Task >> An exact reproduction of every record is required.

Provided records >>
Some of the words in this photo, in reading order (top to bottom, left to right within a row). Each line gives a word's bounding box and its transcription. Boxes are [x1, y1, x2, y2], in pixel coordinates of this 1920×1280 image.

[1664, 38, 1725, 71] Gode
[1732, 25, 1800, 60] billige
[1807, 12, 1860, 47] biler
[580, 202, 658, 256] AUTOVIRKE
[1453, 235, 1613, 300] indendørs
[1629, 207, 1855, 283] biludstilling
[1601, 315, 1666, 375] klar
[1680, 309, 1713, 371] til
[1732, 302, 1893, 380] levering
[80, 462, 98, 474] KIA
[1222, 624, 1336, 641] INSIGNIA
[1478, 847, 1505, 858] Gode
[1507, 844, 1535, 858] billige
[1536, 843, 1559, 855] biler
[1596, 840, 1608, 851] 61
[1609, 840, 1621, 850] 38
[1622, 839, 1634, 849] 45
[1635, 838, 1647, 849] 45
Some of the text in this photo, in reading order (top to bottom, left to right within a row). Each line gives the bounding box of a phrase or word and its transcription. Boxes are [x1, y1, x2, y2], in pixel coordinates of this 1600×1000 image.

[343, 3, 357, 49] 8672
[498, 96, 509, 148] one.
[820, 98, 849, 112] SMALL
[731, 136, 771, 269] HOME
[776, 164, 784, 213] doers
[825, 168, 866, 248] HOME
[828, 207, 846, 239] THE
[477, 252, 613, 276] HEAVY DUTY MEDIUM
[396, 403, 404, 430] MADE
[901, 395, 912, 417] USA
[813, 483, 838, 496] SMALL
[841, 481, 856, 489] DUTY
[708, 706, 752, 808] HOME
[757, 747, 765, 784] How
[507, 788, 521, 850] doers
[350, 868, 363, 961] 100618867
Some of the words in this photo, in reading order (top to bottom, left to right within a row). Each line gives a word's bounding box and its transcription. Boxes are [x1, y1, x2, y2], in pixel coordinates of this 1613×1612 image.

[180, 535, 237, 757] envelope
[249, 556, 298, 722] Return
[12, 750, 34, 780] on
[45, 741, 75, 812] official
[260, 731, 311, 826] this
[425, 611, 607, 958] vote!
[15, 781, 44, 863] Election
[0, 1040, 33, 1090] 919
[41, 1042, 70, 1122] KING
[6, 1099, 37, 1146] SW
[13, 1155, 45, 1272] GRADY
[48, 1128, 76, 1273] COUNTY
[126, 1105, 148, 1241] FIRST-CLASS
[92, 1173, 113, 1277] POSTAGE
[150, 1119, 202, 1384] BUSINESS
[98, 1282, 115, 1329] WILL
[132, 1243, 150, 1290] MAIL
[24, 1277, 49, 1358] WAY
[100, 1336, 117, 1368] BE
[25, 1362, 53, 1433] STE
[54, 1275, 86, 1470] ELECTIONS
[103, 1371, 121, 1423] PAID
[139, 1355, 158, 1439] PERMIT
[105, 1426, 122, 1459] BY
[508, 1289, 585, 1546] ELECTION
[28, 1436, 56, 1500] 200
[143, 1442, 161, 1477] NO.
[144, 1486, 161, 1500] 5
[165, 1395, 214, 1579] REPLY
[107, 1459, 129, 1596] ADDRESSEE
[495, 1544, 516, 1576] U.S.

Solution >>
Some of the words in this photo, in reading order (top to bottom, left to right within a row). Each line gives a word's bounding box and its transcription. Boxes are [x1, y1, x2, y2], in pixel coordinates of this 1920×1280 image.

[1664, 38, 1725, 71] Gode
[1732, 25, 1800, 60] billige
[1807, 12, 1860, 47] biler
[580, 202, 658, 256] AUTOVIRKE
[1453, 235, 1613, 300] indendørs
[1629, 207, 1855, 283] biludstilling
[1601, 315, 1666, 375] klar
[1680, 309, 1713, 371] til
[1732, 302, 1893, 380] levering
[80, 462, 98, 474] KIA
[1222, 624, 1336, 641] INSIGNIA
[1478, 847, 1505, 858] Gode
[1507, 844, 1535, 858] billige
[1536, 843, 1559, 855] biler
[1596, 840, 1608, 851] 61
[1609, 840, 1621, 850] 38
[1622, 839, 1634, 849] 45
[1635, 838, 1647, 849] 45
Some of the text in this photo, in reading order (top to bottom, left to right within a row). Each line gives the bounding box of a phrase or word and its transcription. Boxes are [x1, y1, x2, y2], in pixel coordinates of this 1600×1000 image.

[343, 3, 357, 49] 8672
[498, 96, 509, 148] one.
[820, 98, 849, 112] SMALL
[731, 136, 771, 269] HOME
[776, 164, 784, 213] doers
[825, 168, 866, 248] HOME
[828, 207, 846, 239] THE
[477, 252, 613, 276] HEAVY DUTY MEDIUM
[396, 403, 404, 430] MADE
[901, 395, 912, 417] USA
[813, 483, 838, 496] SMALL
[841, 481, 856, 489] DUTY
[708, 706, 752, 808] HOME
[757, 747, 765, 784] How
[507, 788, 521, 850] doers
[350, 868, 363, 961] 100618867
Some of the words in this photo, in reading order (top to bottom, left to right within a row). Each line gives a word's bounding box and its transcription. Boxes are [x1, y1, x2, y2], in pixel coordinates of this 1613×1612 image.

[180, 535, 237, 757] envelope
[249, 556, 298, 722] Return
[12, 750, 34, 780] on
[45, 741, 75, 812] official
[260, 731, 311, 826] this
[425, 611, 607, 958] vote!
[15, 781, 44, 863] Election
[0, 1040, 33, 1090] 919
[41, 1042, 70, 1122] KING
[6, 1099, 37, 1146] SW
[13, 1155, 45, 1272] GRADY
[48, 1128, 76, 1273] COUNTY
[126, 1105, 148, 1241] FIRST-CLASS
[92, 1173, 113, 1277] POSTAGE
[150, 1119, 202, 1384] BUSINESS
[98, 1282, 115, 1329] WILL
[132, 1243, 150, 1290] MAIL
[24, 1277, 49, 1358] WAY
[100, 1336, 117, 1368] BE
[25, 1362, 53, 1433] STE
[54, 1275, 86, 1470] ELECTIONS
[103, 1371, 121, 1423] PAID
[139, 1355, 158, 1439] PERMIT
[105, 1426, 122, 1459] BY
[508, 1289, 585, 1546] ELECTION
[28, 1436, 56, 1500] 200
[143, 1442, 161, 1477] NO.
[144, 1486, 161, 1500] 5
[165, 1395, 214, 1579] REPLY
[107, 1459, 129, 1596] ADDRESSEE
[495, 1544, 516, 1576] U.S.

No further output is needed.